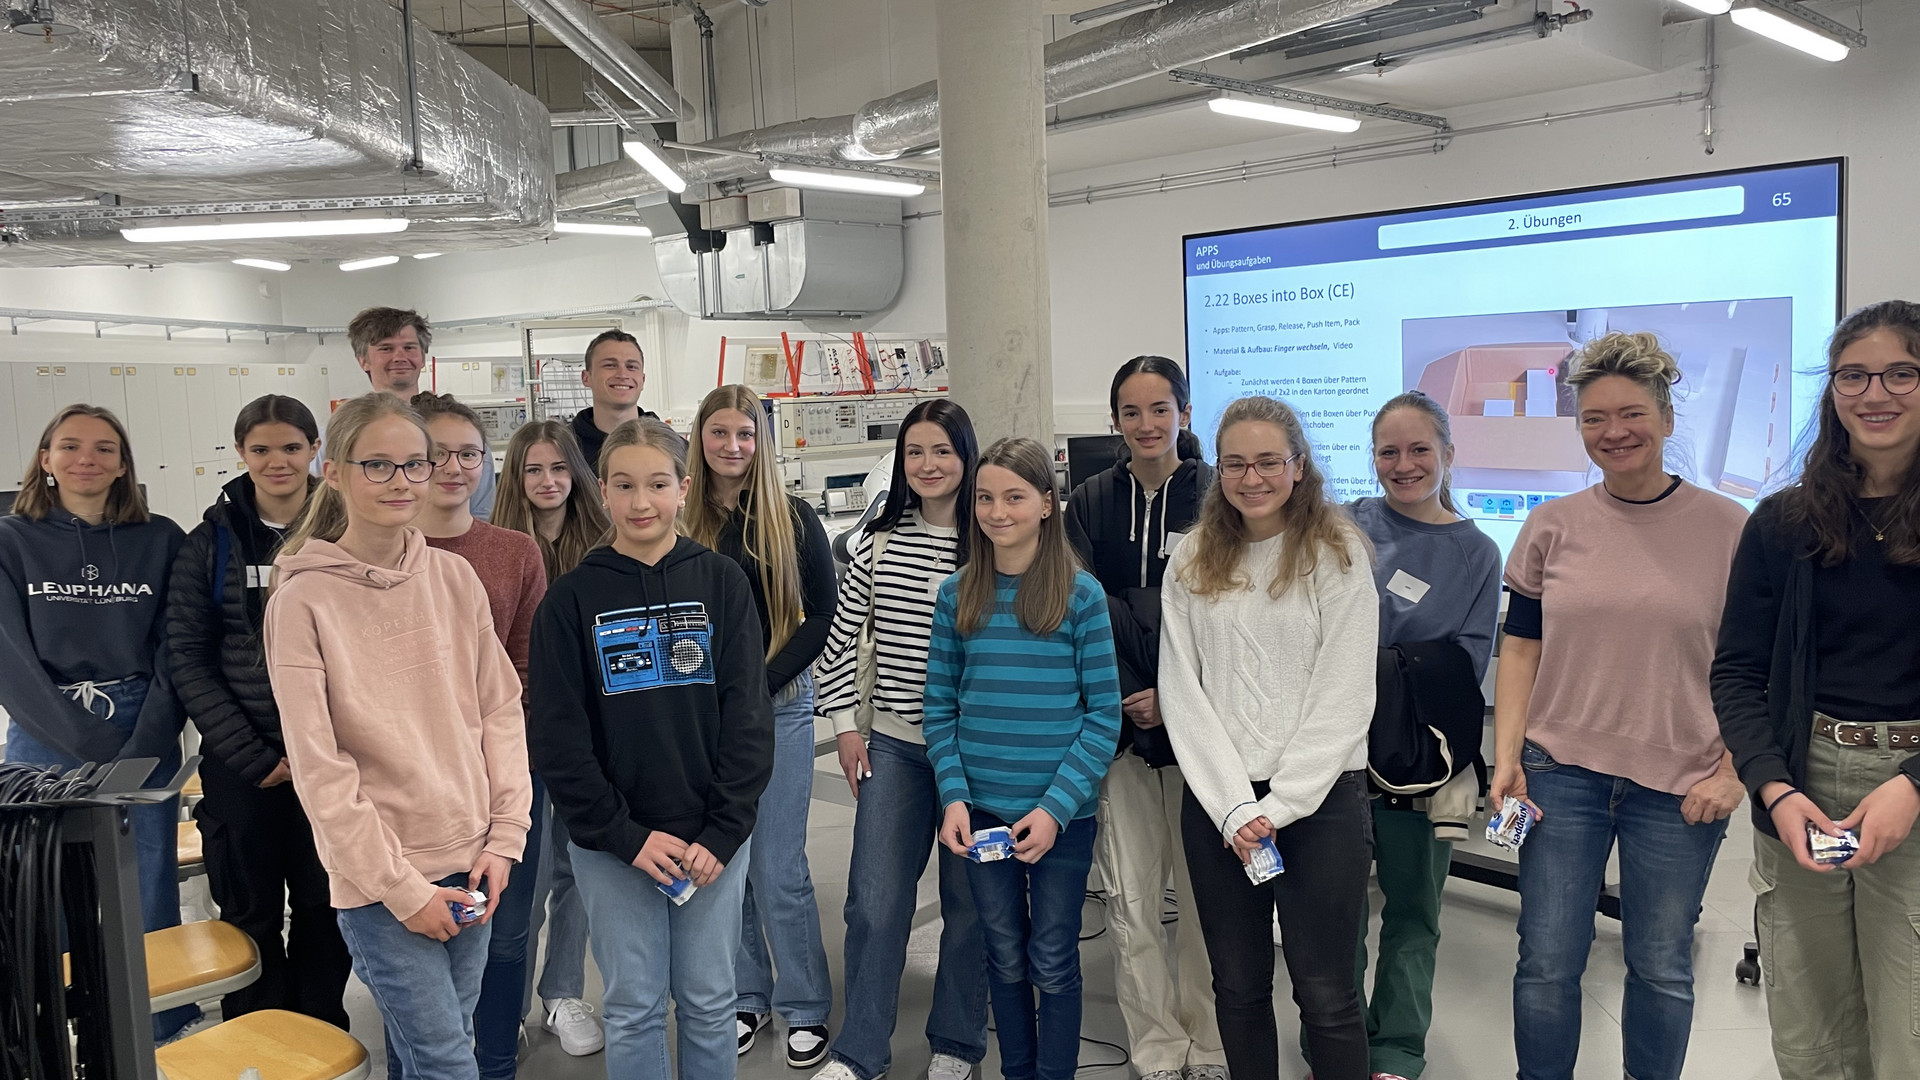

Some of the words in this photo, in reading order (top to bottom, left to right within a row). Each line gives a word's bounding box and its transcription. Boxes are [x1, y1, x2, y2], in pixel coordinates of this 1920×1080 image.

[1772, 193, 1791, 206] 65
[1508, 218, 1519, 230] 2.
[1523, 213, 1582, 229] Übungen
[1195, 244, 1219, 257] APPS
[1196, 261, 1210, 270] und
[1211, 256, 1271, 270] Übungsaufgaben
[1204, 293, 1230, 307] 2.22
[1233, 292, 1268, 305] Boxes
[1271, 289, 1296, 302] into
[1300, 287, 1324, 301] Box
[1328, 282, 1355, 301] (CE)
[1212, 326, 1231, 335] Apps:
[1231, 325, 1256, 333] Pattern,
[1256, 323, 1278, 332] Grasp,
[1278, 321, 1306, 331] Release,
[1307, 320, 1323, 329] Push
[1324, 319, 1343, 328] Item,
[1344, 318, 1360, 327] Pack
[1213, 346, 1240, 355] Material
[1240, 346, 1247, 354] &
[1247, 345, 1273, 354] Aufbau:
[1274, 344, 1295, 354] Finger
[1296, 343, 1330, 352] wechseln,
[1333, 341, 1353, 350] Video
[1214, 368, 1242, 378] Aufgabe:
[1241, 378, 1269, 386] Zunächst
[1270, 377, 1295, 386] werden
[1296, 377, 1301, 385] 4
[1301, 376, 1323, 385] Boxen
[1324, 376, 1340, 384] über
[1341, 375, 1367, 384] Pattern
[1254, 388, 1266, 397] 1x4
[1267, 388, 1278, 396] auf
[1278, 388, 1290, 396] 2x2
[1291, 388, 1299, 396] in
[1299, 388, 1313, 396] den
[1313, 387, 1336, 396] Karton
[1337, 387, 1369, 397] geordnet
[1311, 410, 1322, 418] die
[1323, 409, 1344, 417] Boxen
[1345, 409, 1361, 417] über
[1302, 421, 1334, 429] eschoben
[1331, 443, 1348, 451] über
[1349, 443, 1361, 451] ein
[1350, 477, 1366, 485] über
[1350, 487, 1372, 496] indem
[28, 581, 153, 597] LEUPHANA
-*-
◆ What the exercise asks
Show the lines of the data that hold the word "über".

◆ Result of this task
[1324, 376, 1340, 384] über
[1345, 409, 1361, 417] über
[1331, 443, 1348, 451] über
[1350, 477, 1366, 485] über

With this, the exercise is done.